A bipartisan group spoke on Wednesday about election legislation as Democrats make a push to change the Senate’s rules so they can pass voting rights on their own.
GOP Sen. Susan Collins (Maine) convened the bipartisan call on Wednesday, a source familiar confirmed to The Hill.
As part of the discussion, senators talked about the Electoral Count Act, the source added, an 1887 law that outlines how Congress formally counts the Electoral College results, as lawmakers did last year on Jan. 6.
The law has jumped into the spotlight this week as lawmakers in both parties and in both chambers signal an interest in making changes to it after former President Trump, backed up by dozens of congressional Republicans, tried to use Congress’s counting of the Electoral College vote to challenge the results in key battleground states. Republicans unsuccessfully challenged the results in Arizona and Pennsylvania, a process that was interrupted for hours after a pro-Trump mob breached the Capitol.

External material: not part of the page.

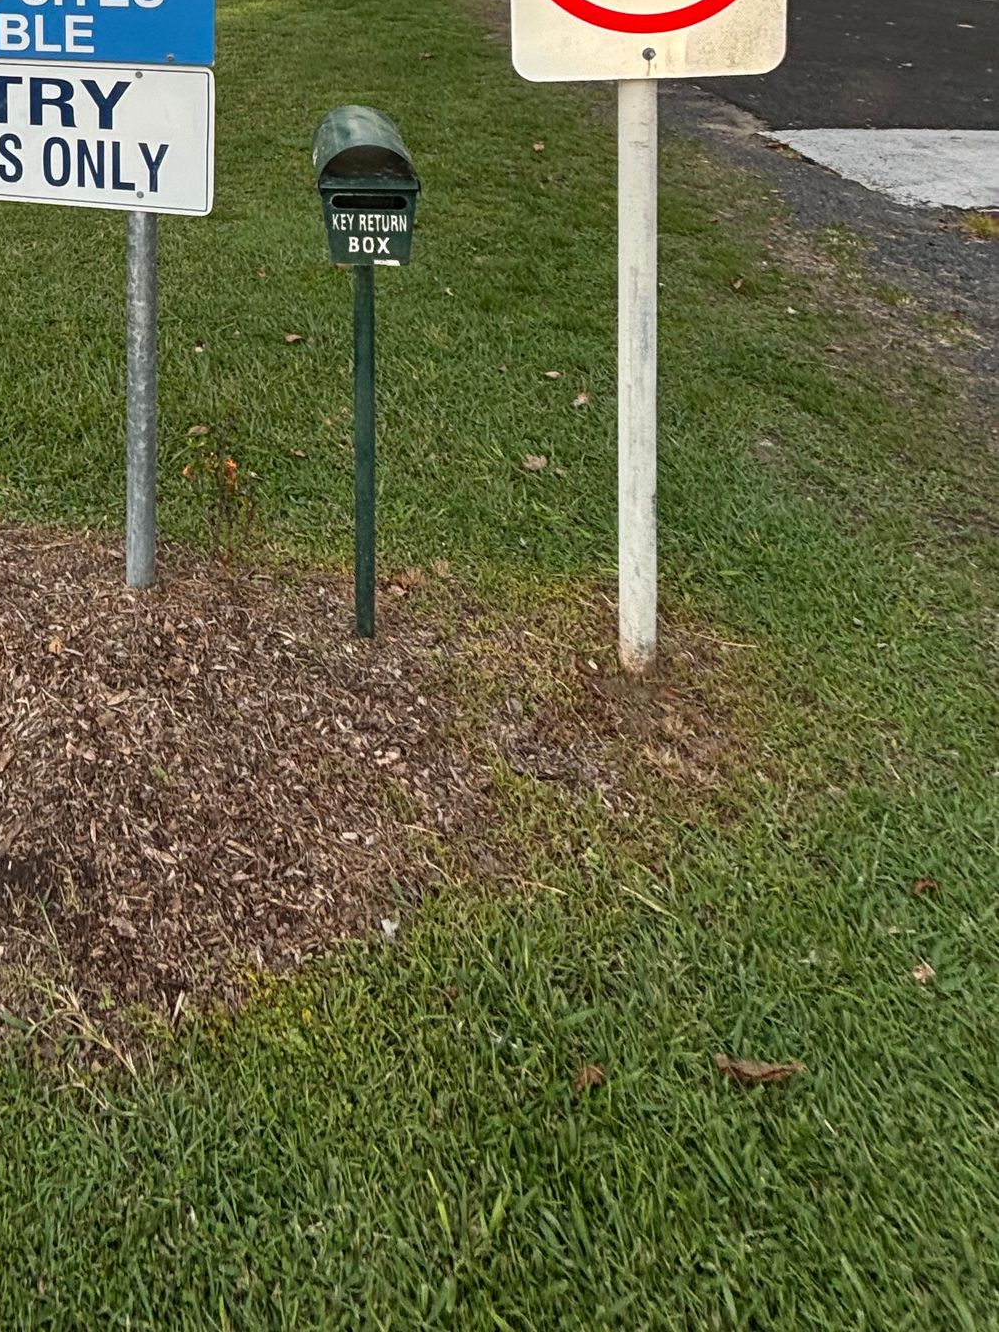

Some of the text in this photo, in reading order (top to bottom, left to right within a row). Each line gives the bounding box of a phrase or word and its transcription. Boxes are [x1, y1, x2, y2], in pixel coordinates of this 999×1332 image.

[42, 135, 169, 193] ONLY
[332, 213, 408, 233] KEY RETURN
[348, 236, 391, 255] BOX

Two ideas that have been thrown out by lawmakers as potential areas for reform are codifying that the vice president can’t throw out states’ results, as Trump pressured former Vice President Mike Pence to do, and increasing the number of lawmakers who have to sign on to an objection in order to force a vote in the House and Senate on the challenge.
But it’s unclear if, or when, lawmakers will ramp up formal negotiations over making changes to the Electoral Count Act.

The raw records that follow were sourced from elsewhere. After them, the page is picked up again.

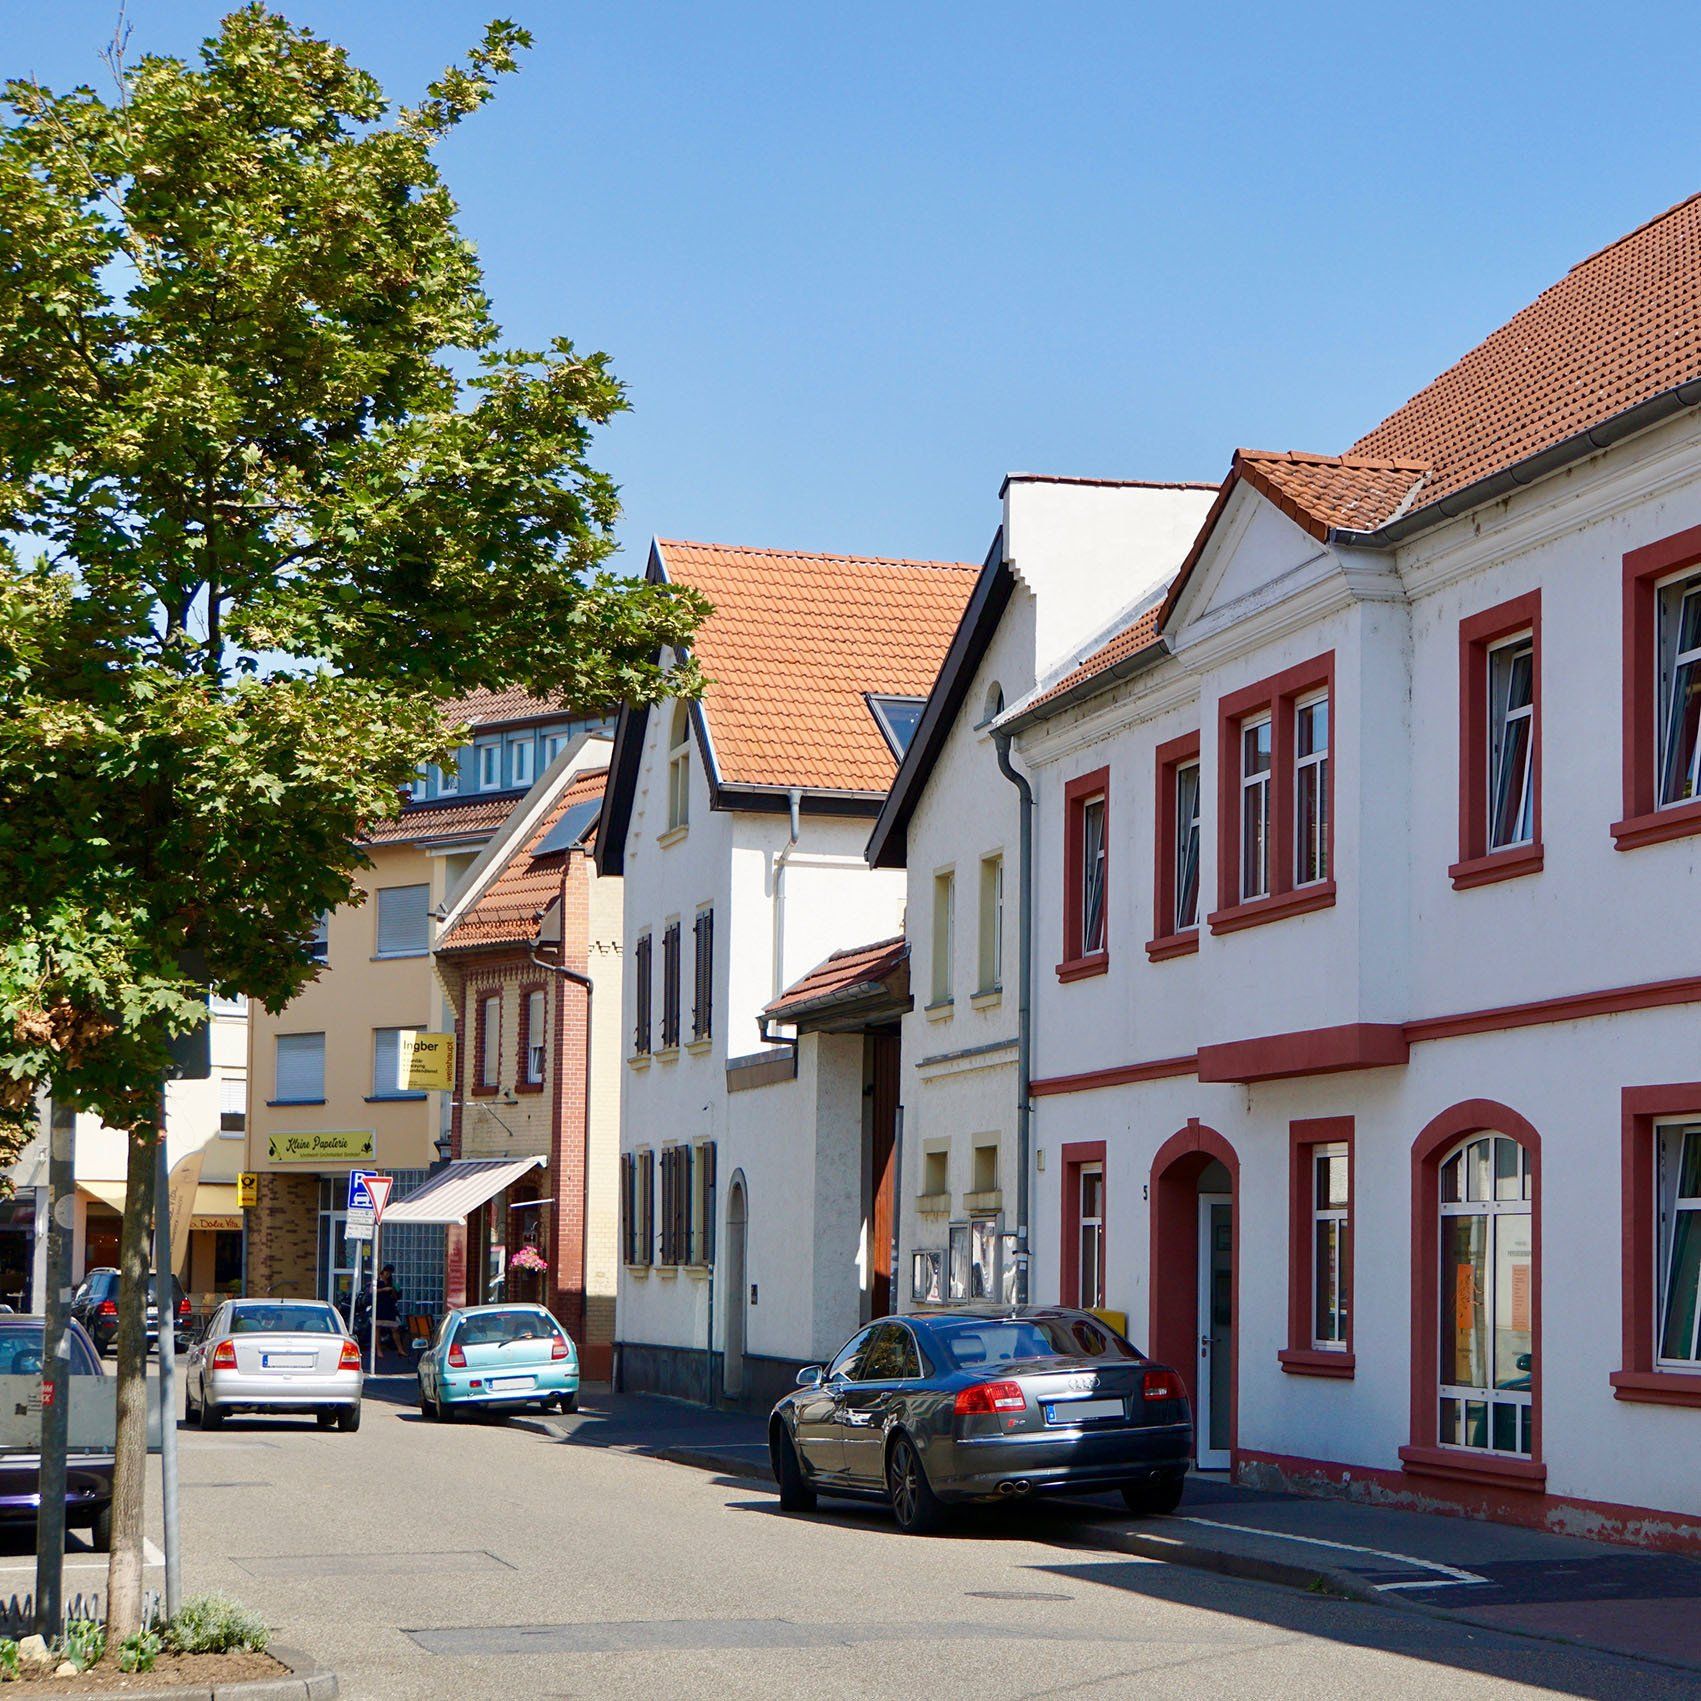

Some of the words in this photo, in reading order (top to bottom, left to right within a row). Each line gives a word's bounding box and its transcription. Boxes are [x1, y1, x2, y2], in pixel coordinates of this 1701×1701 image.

[404, 1040, 439, 1053] Ingber
[286, 1137, 310, 1154] Kleine
[312, 1135, 348, 1150] Papeterie
[354, 1172, 366, 1188] P
[1143, 1185, 1148, 1201] 5
[200, 1218, 224, 1229] Dolce
[225, 1217, 240, 1229] Vita

Democrats are pursuing more sweeping election and voting rights reforms. Senate Majority Leader Charles Schumer (D-N.Y.) has vowed to force a vote by Jan. 17 on changing the Senate’s 60-vote legislative filibuster if Republicans again block voting rights legislation.
Though Senate Minority Leader Mitch McConnell (R-Ky.) said on Wednesday that changes to the 1887 law are “worth discussing,” Schumer and the White House are making it clear that they won’t support dropping their voting rights push in exchange for negotiations on changes to the election law.
“That makes no sense. If you’re going to rig the game and then say, ‘Oh, we’ll count the rigged game accurately,’ what good is that? They wanted now both rig the game and rig the count. But to just say, ‘We won’t rig the count, but we’re going to rig the game,’ makes no sense whatsoever,” Schumer told reporters this week.
The White House added in a statement that Biden is “committed to voting rights legislation.”
Democrats and outside groups also quickly made it clear they view McConnell opening the door on Electoral Count Act changes as a way to try to distract from Democrats’ filibuster discussions.
Sens. Joe Manchin (D-W.Va.) and Kyrsten Sinema (D-Ariz.) — neither of whom has committed to supporting filibuster reform in a significant hurdle to Democrats’ hopes of enacting party-line rules changes — were both on the Collins’s call, according to The 19th, which first reported the conversation.
“The McConnell-arranged crew that sunk Build Back Better by doing low-hanging fruit infrastructure bill is back to head off any serious voting rights reform by discussing ECA fixes,” tweeted Brian Fallon, the executive director of progressive group Demand Justice.